*** Entries shown Section Begins ***

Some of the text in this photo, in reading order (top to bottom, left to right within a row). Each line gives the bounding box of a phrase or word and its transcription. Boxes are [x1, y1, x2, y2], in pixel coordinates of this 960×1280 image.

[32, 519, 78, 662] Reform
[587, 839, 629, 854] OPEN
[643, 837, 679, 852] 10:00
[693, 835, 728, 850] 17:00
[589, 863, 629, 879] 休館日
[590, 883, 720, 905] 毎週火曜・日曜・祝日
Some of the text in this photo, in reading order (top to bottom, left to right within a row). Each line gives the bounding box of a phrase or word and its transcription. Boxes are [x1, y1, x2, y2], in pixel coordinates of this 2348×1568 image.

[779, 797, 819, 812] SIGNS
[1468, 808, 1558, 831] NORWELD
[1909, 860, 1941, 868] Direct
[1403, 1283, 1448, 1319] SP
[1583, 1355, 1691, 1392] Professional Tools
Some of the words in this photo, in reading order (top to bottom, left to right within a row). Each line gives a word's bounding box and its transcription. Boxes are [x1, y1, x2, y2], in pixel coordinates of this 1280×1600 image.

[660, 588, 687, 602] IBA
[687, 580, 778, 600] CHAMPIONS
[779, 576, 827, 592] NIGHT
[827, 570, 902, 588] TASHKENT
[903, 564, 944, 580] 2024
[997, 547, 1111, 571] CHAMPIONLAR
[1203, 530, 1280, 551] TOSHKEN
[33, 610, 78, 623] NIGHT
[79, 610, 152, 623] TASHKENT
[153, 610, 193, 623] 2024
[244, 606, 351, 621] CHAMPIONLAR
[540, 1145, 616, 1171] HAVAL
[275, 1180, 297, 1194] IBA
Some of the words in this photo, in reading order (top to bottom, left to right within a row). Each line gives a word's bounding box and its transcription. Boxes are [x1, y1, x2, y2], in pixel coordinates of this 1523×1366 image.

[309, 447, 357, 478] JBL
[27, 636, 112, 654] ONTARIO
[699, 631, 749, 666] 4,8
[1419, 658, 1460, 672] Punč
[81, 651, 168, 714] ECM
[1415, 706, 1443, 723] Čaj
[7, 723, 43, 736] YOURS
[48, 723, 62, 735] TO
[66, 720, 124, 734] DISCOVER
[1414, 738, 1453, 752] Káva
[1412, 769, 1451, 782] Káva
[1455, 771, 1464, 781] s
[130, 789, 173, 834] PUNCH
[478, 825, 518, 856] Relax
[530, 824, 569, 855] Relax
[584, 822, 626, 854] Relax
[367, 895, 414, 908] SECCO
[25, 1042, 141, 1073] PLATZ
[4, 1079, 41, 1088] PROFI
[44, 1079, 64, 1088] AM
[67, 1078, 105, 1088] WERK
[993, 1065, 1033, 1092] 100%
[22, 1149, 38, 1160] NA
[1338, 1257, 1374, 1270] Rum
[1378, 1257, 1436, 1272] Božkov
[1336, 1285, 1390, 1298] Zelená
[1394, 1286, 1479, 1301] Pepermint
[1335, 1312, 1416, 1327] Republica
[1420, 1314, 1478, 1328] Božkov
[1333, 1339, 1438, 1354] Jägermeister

*** Entries shown Section Ends ***

### Assignment
Retype the listing. Match it exactly.

### Completed task
Some of the text in this photo, in reading order (top to bottom, left to right within a row). Each line gives the bounding box of a phrase or word and its transcription. Boxes are [x1, y1, x2, y2], in pixel coordinates of this 960×1280 image.

[32, 519, 78, 662] Reform
[587, 839, 629, 854] OPEN
[643, 837, 679, 852] 10:00
[693, 835, 728, 850] 17:00
[589, 863, 629, 879] 休館日
[590, 883, 720, 905] 毎週火曜・日曜・祝日
Some of the text in this photo, in reading order (top to bottom, left to right within a row). Each line gives the bounding box of a phrase or word and its transcription. Boxes are [x1, y1, x2, y2], in pixel coordinates of this 2348×1568 image.

[779, 797, 819, 812] SIGNS
[1468, 808, 1558, 831] NORWELD
[1909, 860, 1941, 868] Direct
[1403, 1283, 1448, 1319] SP
[1583, 1355, 1691, 1392] Professional Tools
Some of the words in this photo, in reading order (top to bottom, left to right within a row). Each line gives a word's bounding box and its transcription. Boxes are [x1, y1, x2, y2], in pixel coordinates of this 1280×1600 image.

[660, 588, 687, 602] IBA
[687, 580, 778, 600] CHAMPIONS
[779, 576, 827, 592] NIGHT
[827, 570, 902, 588] TASHKENT
[903, 564, 944, 580] 2024
[997, 547, 1111, 571] CHAMPIONLAR
[1203, 530, 1280, 551] TOSHKEN
[33, 610, 78, 623] NIGHT
[79, 610, 152, 623] TASHKENT
[153, 610, 193, 623] 2024
[244, 606, 351, 621] CHAMPIONLAR
[540, 1145, 616, 1171] HAVAL
[275, 1180, 297, 1194] IBA
Some of the words in this photo, in reading order (top to bottom, left to right within a row). Each line gives a word's bounding box and its transcription. Boxes are [x1, y1, x2, y2], in pixel coordinates of this 1523×1366 image.

[309, 447, 357, 478] JBL
[27, 636, 112, 654] ONTARIO
[699, 631, 749, 666] 4,8
[1419, 658, 1460, 672] Punč
[81, 651, 168, 714] ECM
[1415, 706, 1443, 723] Čaj
[7, 723, 43, 736] YOURS
[48, 723, 62, 735] TO
[66, 720, 124, 734] DISCOVER
[1414, 738, 1453, 752] Káva
[1412, 769, 1451, 782] Káva
[1455, 771, 1464, 781] s
[130, 789, 173, 834] PUNCH
[478, 825, 518, 856] Relax
[530, 824, 569, 855] Relax
[584, 822, 626, 854] Relax
[367, 895, 414, 908] SECCO
[25, 1042, 141, 1073] PLATZ
[4, 1079, 41, 1088] PROFI
[44, 1079, 64, 1088] AM
[67, 1078, 105, 1088] WERK
[993, 1065, 1033, 1092] 100%
[22, 1149, 38, 1160] NA
[1338, 1257, 1374, 1270] Rum
[1378, 1257, 1436, 1272] Božkov
[1336, 1285, 1390, 1298] Zelená
[1394, 1286, 1479, 1301] Pepermint
[1335, 1312, 1416, 1327] Republica
[1420, 1314, 1478, 1328] Božkov
[1333, 1339, 1438, 1354] Jägermeister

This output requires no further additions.